Cantone Elezioni cantonali
Greta Gysin si candida al Consiglio di Stato per il 2027
La deputata al Consiglio nazionale dei Verdi ha confermato la sua candidatura per le elezioni cantonali del 2027. Correrà nella lista rosso-verde con la socialista Marina Carobbio Guscetti e il rappresentante dell'MPS Matteo Pronzini.

Greta Gysin, deputata al Consiglio nazionale per i Verdi, ha confermato alla RSI di volersi candidare al Consiglio di Stato in vista delle elezioni cantonali dell'aprile 2027.
La sua candidatura fa parte della lista rosso-verde, che comprenderà anche la consigliera di Stato uscente Marina Carobbio Guscetti per il Partito socialista e Matteo Pronzini per il Movimento per il socialismo. In base all'accordo tra i tre partiti, dei cinque posti in lista due spettano al PS, due ai Verdi e uno all'MPS.
Gysin considera possibile, anche se difficile, un raddoppio della rappresentanza rosso-verde in Governo, a condizione di riuscire a mobilitare l'elettorato di riferimento. Descrive la propria candidatura come un sostegno all'area progressista, per permetterle di crescere e di proporre un indirizzo politico diverso da quello della maggioranza che ha finora guidato il Cantone. In Governo vorrebbe portare attenzione sia ai temi ambientali sia a quelli socio-economici.

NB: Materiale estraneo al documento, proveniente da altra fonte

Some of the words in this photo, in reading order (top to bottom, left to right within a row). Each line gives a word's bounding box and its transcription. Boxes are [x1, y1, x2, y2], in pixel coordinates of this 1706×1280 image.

Insieme a Gysin, anche l'UDC Piero Marchesi e il PLR Alex Farinelli sono consiglieri nazionali in corsa per il Governo cantonale: saranno tre in totale ad aprile.
Terza corsa al Governo
Nata a Locarno nel 1983, Gysin è stata coordinatrice dei Giovani Verdi svizzeri e fondatrice dei Giovani Verdi del Ticino. Ha fatto parte del Gran Consiglio dal 2007 al 2015 ed è stata eletta in Consiglio nazionale nel 2019, prima esponente ecologista ticinese a riuscirci. Da maggio presiede il gruppo parlamentare dei Verdi alle Camere federali.
Quella per il 2027 non è la sua prima corsa al Governo cantonale: ci aveva già provato nel 2007 e nel 2011, quando però Partito socialista e Verdi si erano presentati con liste separate. Questa volta i due partiti, insieme all'MPS, hanno scelto di unire le forze in un'unica lista.

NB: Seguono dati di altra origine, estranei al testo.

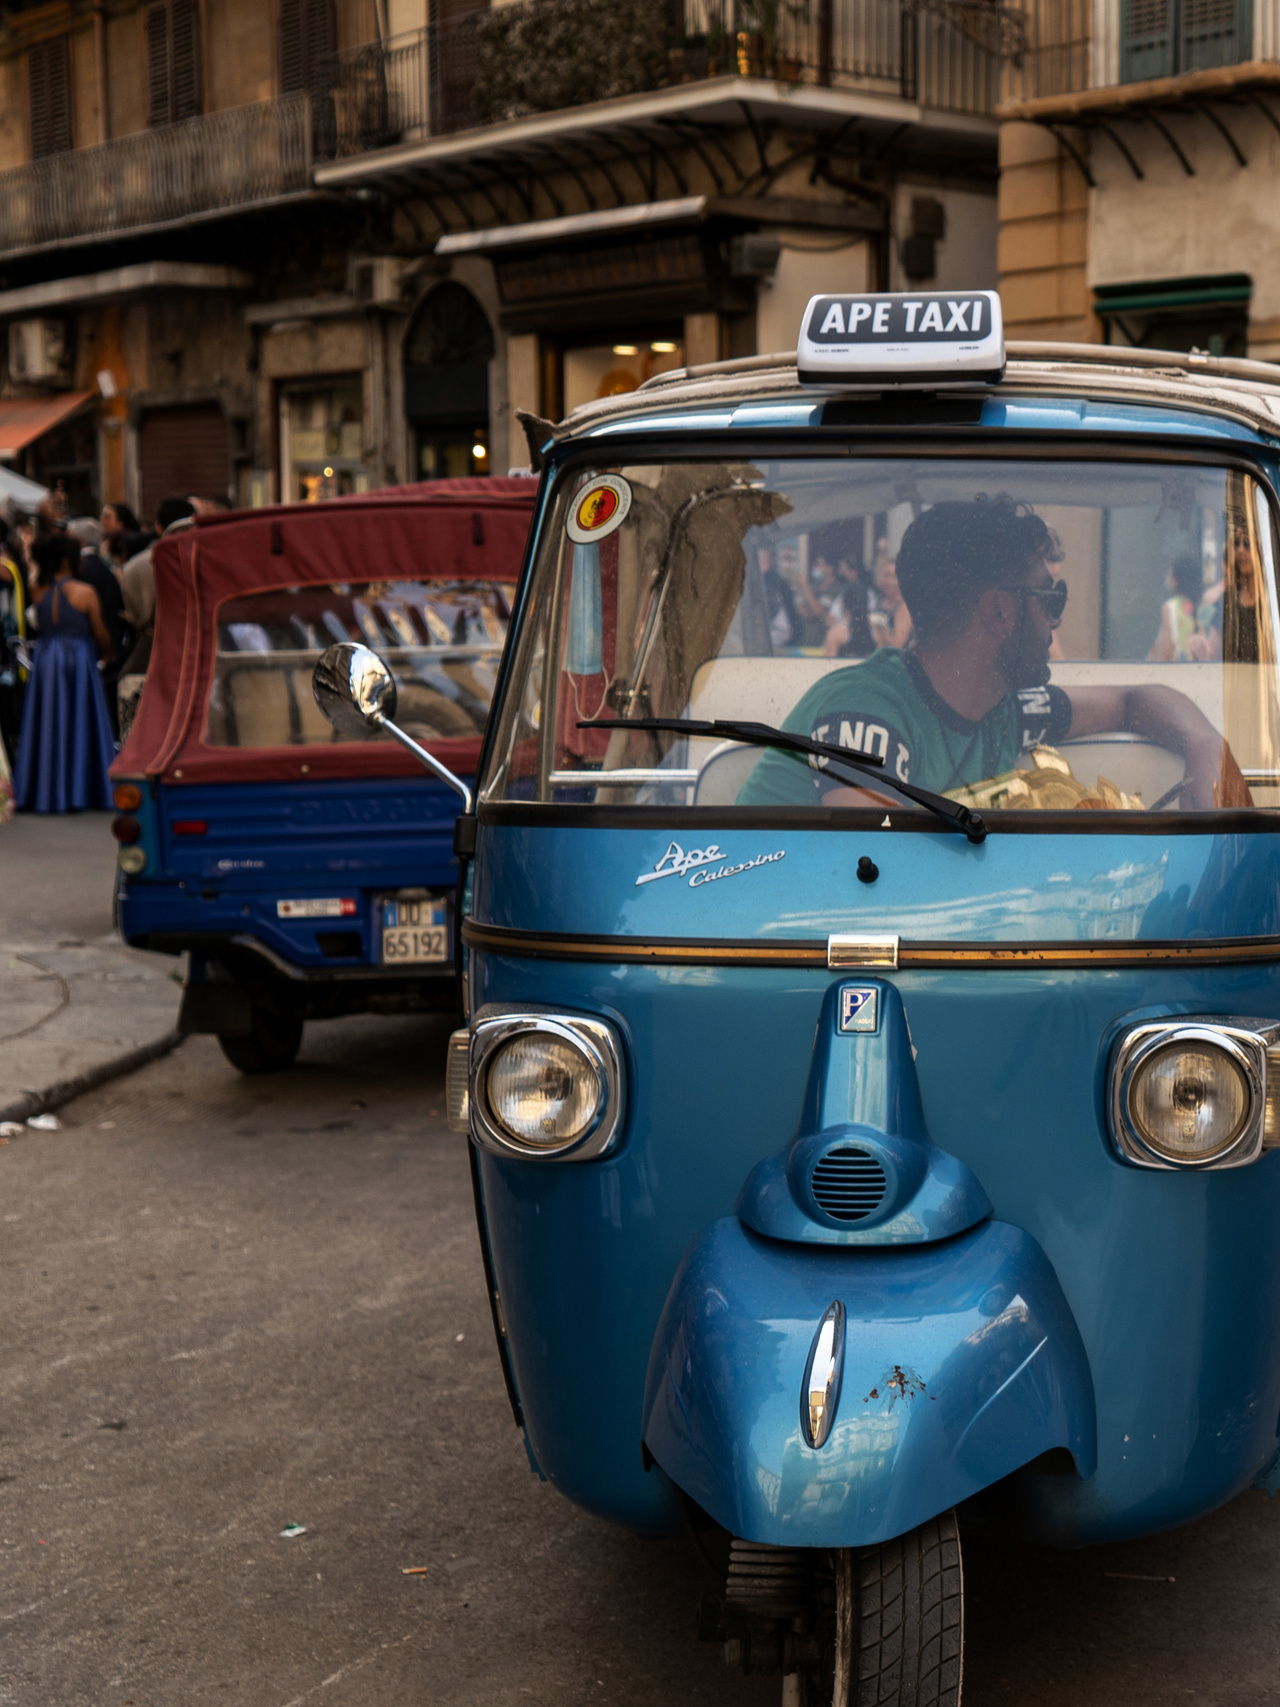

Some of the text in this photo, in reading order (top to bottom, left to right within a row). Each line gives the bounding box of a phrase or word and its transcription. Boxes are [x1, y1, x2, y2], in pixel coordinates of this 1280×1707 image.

Resta aperta la questione legata a Fabrizio Sirica. Il copresidente del PS è uscito dalla corsa al Governo dopo essere stato coinvolto in un caso di eccesso di velocità. All'interno della lista rosso-verde, l'MPS ha chiesto che Sirica resti fuori anche dalla campagna elettorale, per evitare che l'episodio possa essere sfruttato dagli avversari.